Tuesday, September 10, 2019

Books I've Loved: Road Ends

I have binge-read all of Mary Lawson's books over the last couple of weeks.  I read Crow Lake many years ago and it became one of my all-time favourite novels.  After re-reading it a couple of weeks ago, I decided to see if Mary Lawson had written anything else, and ordered her other two books, both of which I read over the weekend.

Road Ends is my least favourite of the three, but still a powerful and engaging read.  Like all Lawson's books, it is set in a remote Ontario town called Struan.  There are even cameos from a couple of characters from Crow Lake in there, which I enjoyed seeing.

The book is about a family with eight sons and one daughter.  The father is remote and busy, shut away in his study when he is home and leaving the raising of all these kids largely to his only daughter since his wife seems only to be interested in children while they are still babies.

So when Megan, at the age of 21, decides it's time to leave home, it's inevitable that things might start to go wrong.

The story is told from three points of view: Tom, the eldest son, Megan and Edward, the father.  Tom and Megan's sections are told in third person while Edward's are in first person, almost like a journal he's writing for himself.

Tom is home again at the age of 25, dealing with a tragedy that he feels at least partly responsible for.   He's shut himself off from the world, not speaking or engaging with anyone any more than he has to and keeps to a strict, unalterable routine to keep his world within the boundaries he can cope with.

Yet as things begin to spiral out of control at home, Tom finds himself having to deal with more and more and his carefully built walls begin to crumble, allowing the rest of the world to begin creeping in.

Meanwhile, Megan has moved to London which, after the smallness of Struan is something of a culture shock.  Yet, ever practical and pragmatic, she manages to find work she loves and build a life for herself.  She misses her family, but revels in not having to be responsible for them anymore.

Edward, locked in his study, is largely unaware of the chaos reigning outside the door.  The occasional rowdy fight between his sons drags him away from his reading and he emerges to yell at them, something he regrets afterward because it reminds him of his own father, a brutal man whose shadow he has never really managed to escape.
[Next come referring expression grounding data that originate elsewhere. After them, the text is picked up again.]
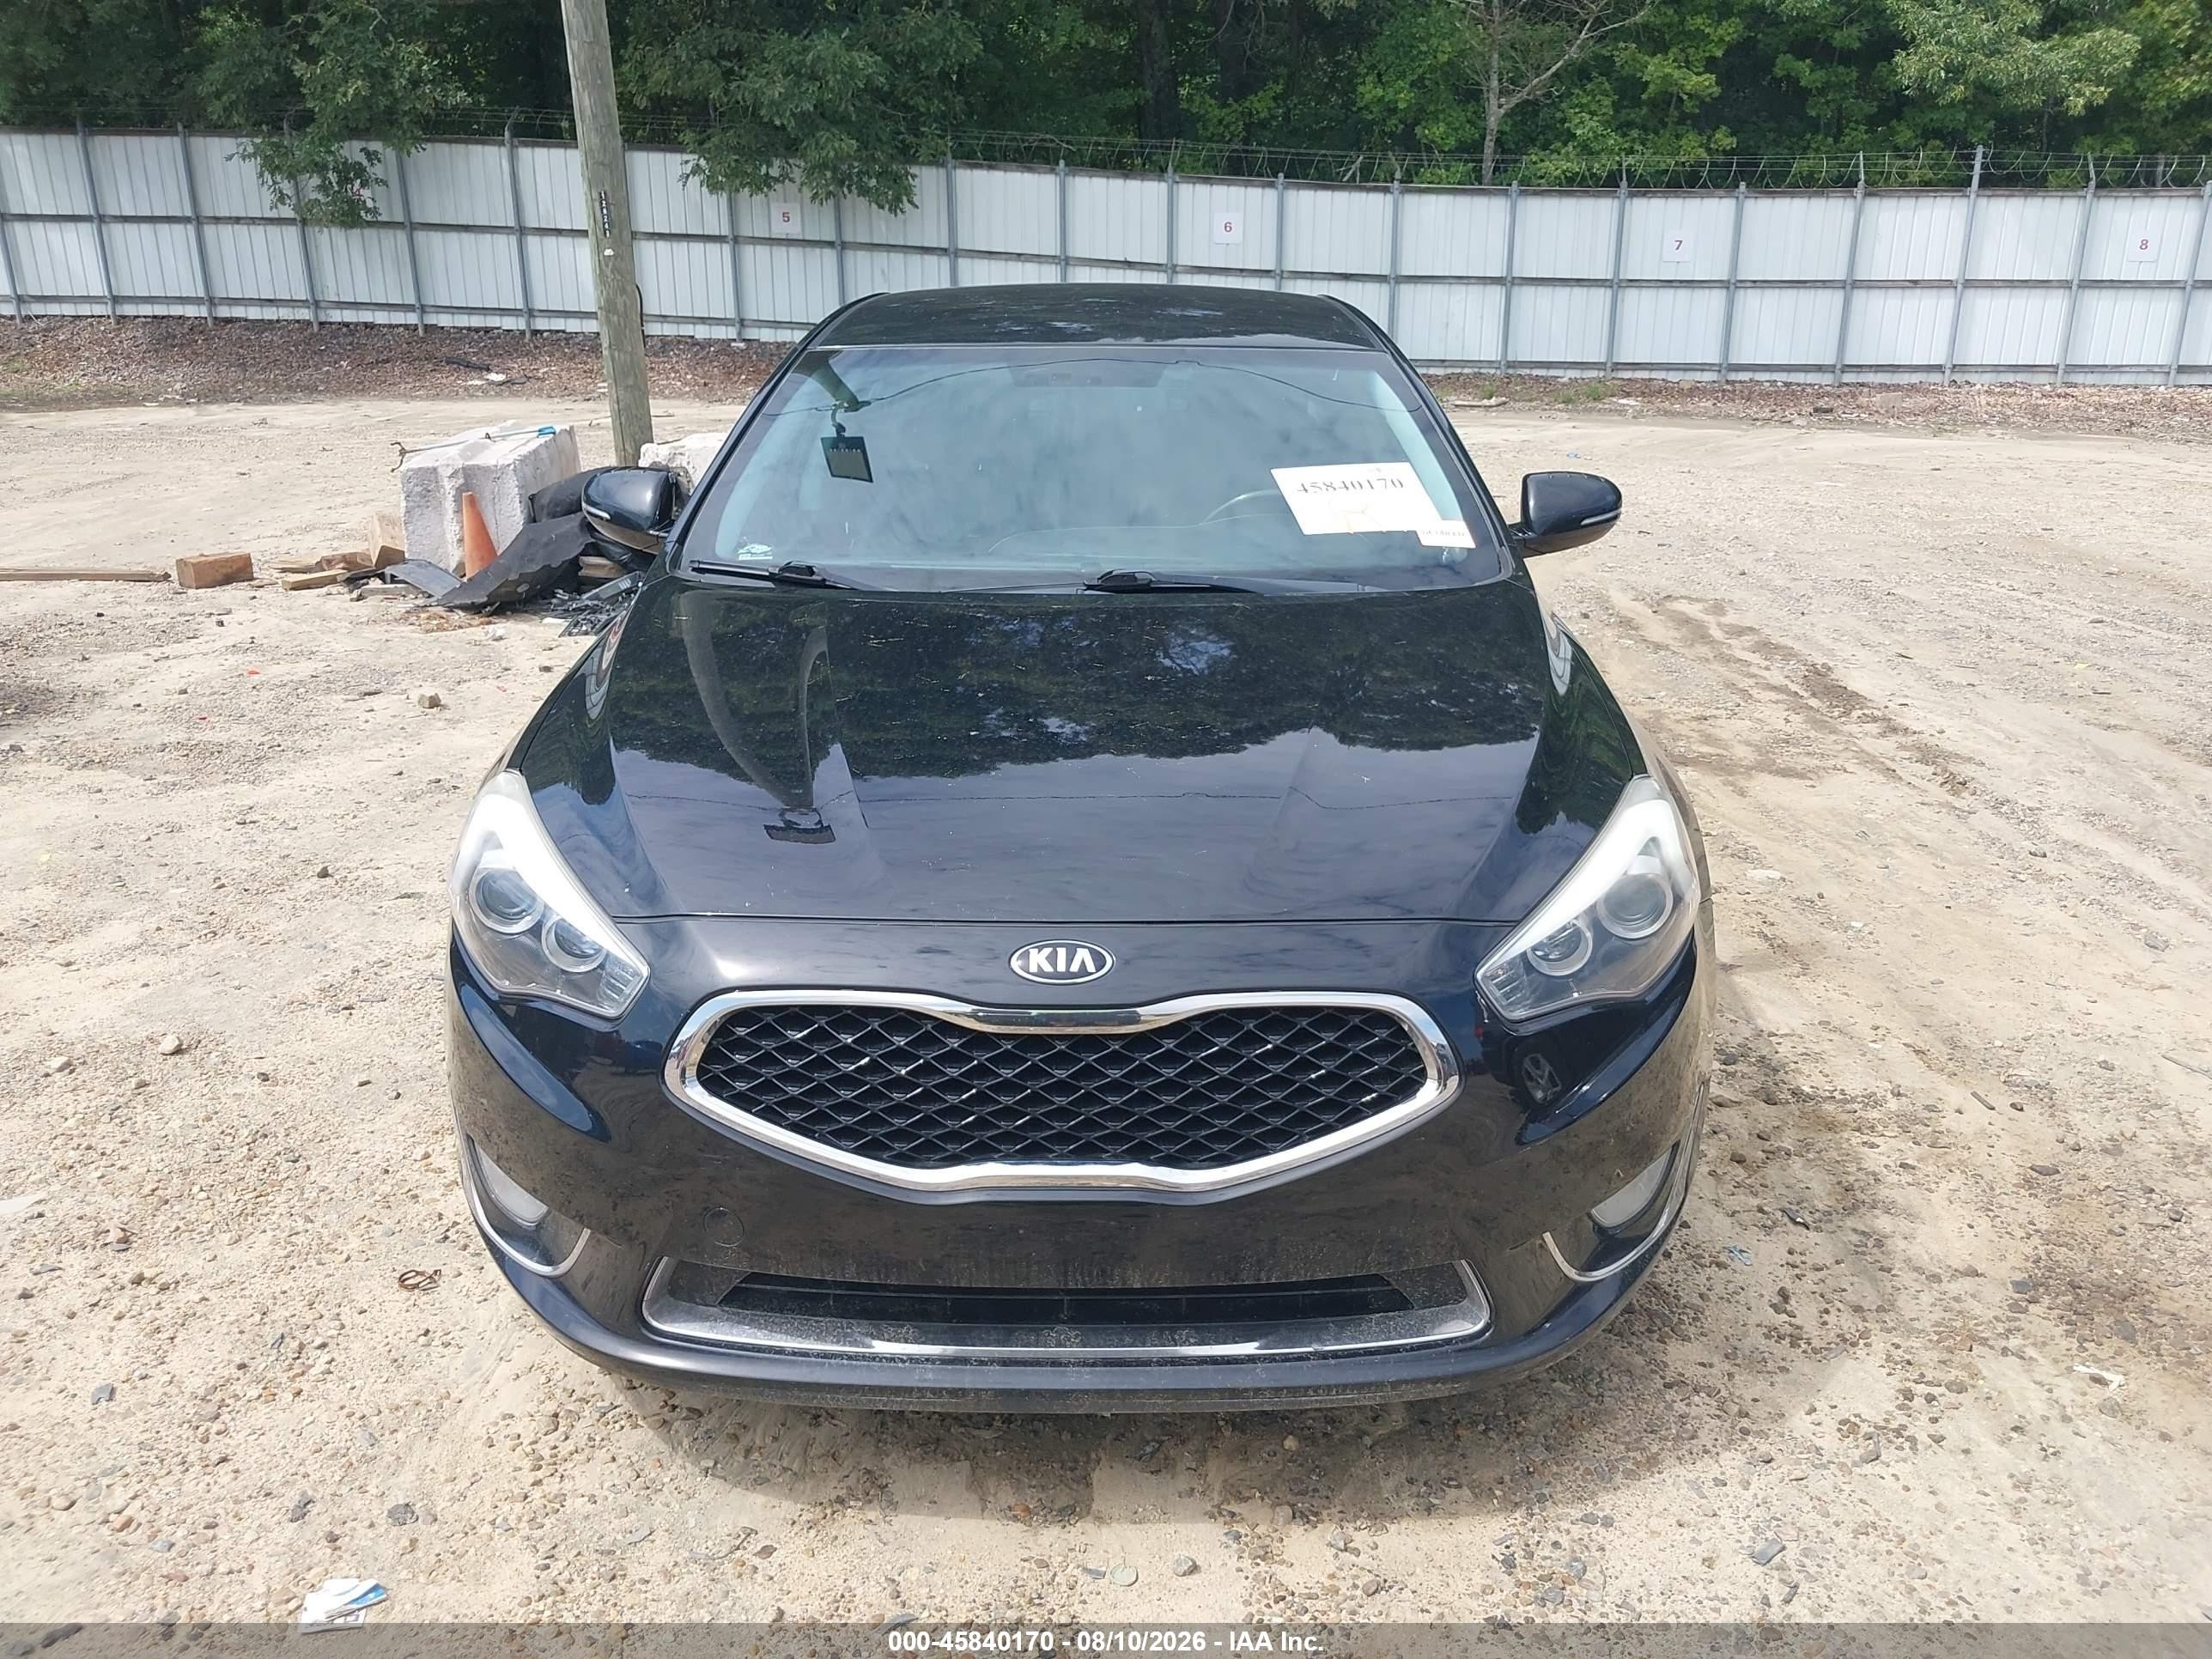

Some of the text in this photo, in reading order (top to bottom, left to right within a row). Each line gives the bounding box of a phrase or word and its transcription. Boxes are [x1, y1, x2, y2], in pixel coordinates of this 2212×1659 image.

[782, 211, 791, 223] 5
[1224, 221, 1233, 233] 6
[1674, 240, 1683, 251] 7
[2139, 239, 2149, 251] 8
[1297, 477, 1405, 494] 45840170
[1029, 947, 1097, 973] KIA
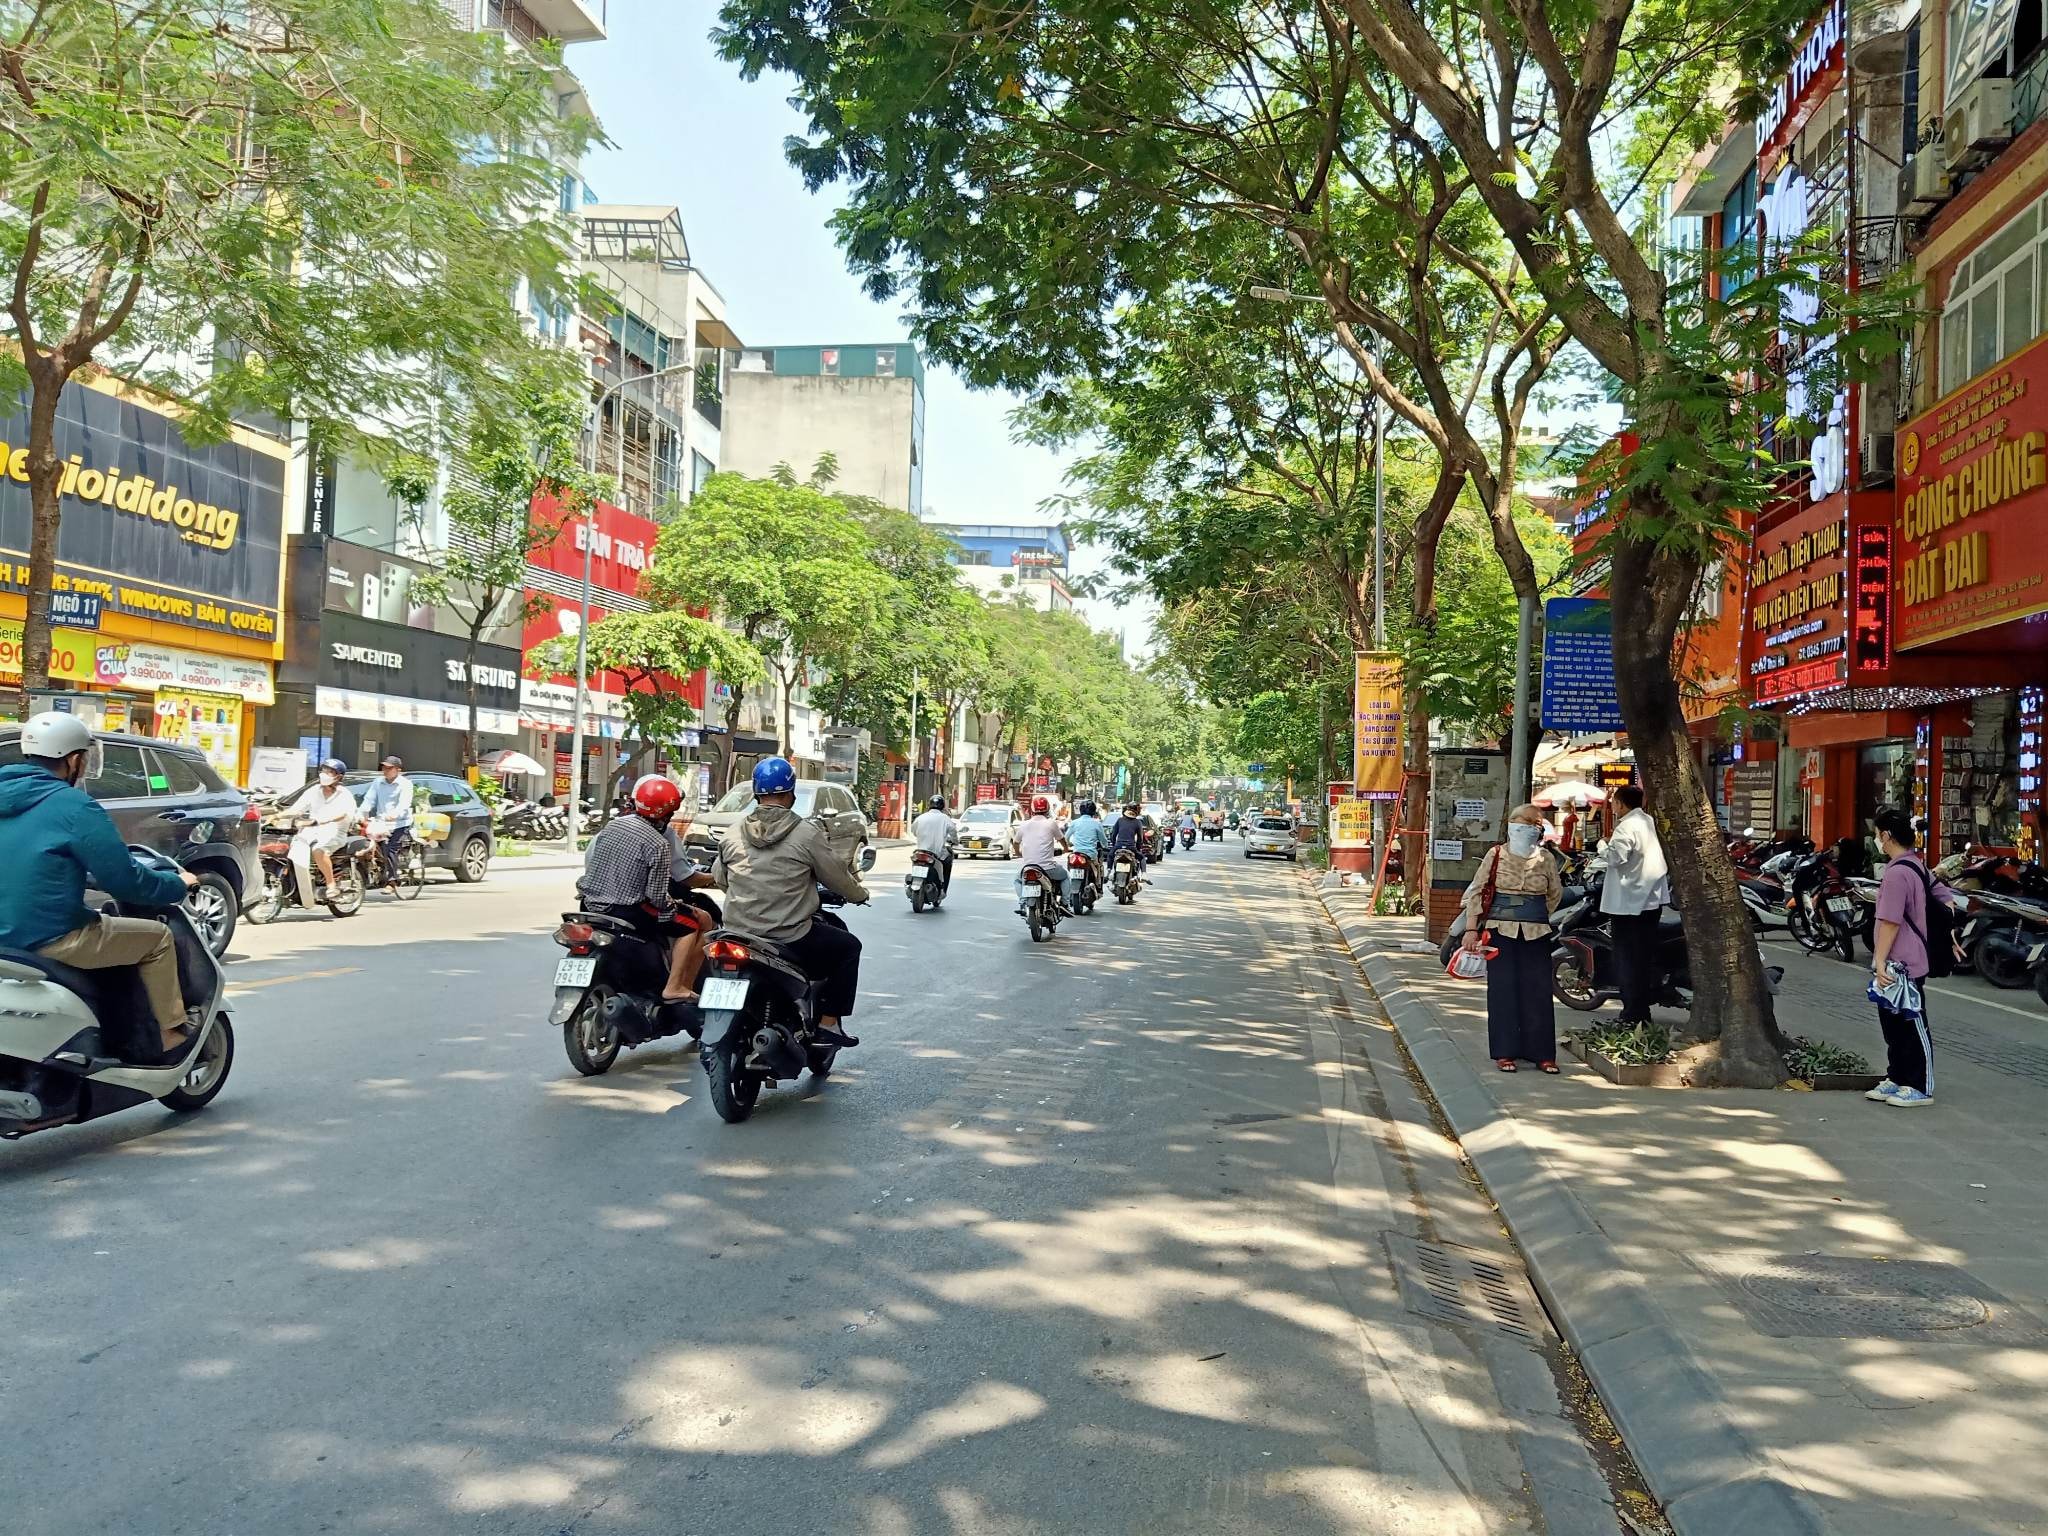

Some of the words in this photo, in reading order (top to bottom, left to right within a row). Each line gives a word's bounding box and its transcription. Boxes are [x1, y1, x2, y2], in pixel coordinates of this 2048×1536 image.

The emotional and physical isolation of these characters is almost painful to read.  But their eventual growth as they begin to dig themselves out from the holes they have been hiding in is worth the pain.

The ending was disappointing though.  And I think that's why it isn't my favourite of the three novels by this author.  The explanation for the mother's fading from the world didn't ring entirely true to me, and both Megan and Tom disappointed me.  They both had other choices they could have made in the situation, although I do sort of understand why they acted the way they did.  I just wished it could have been different.

But overall, this is another beautiful book by Mary Lawson that illustrates the harshness and isolation and the wild, untamed beauty of small communities in the North of Canada.

But don't just listen to me.  Here's the blurb:

Mary Lawson’s beloved novels, Crow Lake and The Other Side of the Bridge, have delighted legions of readers around the world. The fictional, northern Ontario town of Struan, buried in the winter snows, is the vivid backdrop to her breathtaking new novel.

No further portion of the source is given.